|Blazer: Vintage Button Up: Thrifted, similar available here. Harness: Zana Bayne Pants: American Apparel Sneakers: Nine West (c/o)|
I don't know where my head is at the moment, I am incredibly happy some days but other days I can't be bothered. Today is one of those days. I am doing the best that I can though. It's funny -- every time I take photos sitting down in this room I can remember it being one of my off days. Maybe it is my off corner.
These pants are a source of contention in my head. I really dislike Dov Charney as a person and I think his practice at American Apparel totally sucks, but I love these pants. I can't even lie, I totally adore them and would buy a billion more if I had the money. The upside is that I got these for $40 at the AA Warehouse on 23rd St when it was open (is it still open? It was like a month ago). I'd never pay full price for these pants, god bless them. I felt so dirty when I purchased them, but there were really no other alternatives; I knew I'd wear these to death, there are no other pants I like right now, they go with everything, they are lazy pants for every occassion. I hate that I have to defend the purchase to myself though.
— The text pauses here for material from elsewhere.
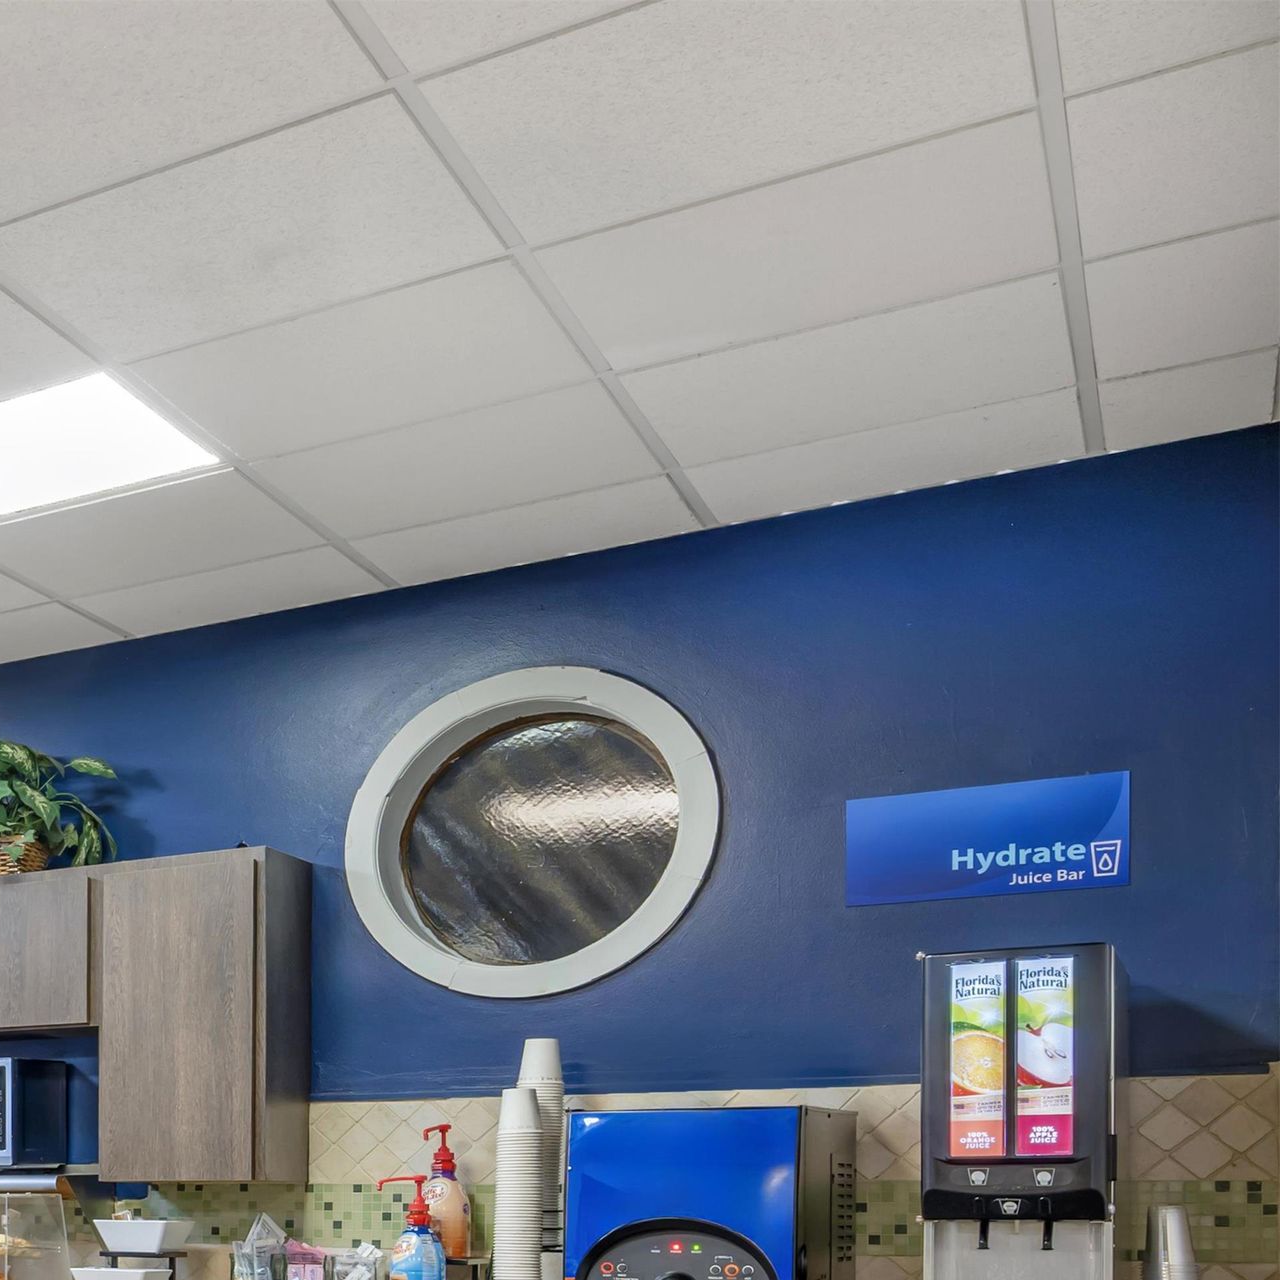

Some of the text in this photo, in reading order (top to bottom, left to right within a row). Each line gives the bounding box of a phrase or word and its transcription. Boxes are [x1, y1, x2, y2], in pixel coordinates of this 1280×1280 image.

Sometimes it sux being so ~correct~, even though being 'P.C' isn't a bad thing and shouldn't be treated as such. I just get exhausted from thinking about politics and debating things sometimes. I'm always 'on', I am always critiquing, I am always dreaming of something better, I want more, all of the time, always. I am a perfectionist dreamer of the future more than anything else. I'm not a romantic about the past or even the present. I just want more. Everything. All of it. But working for it can strip me down to the marrow.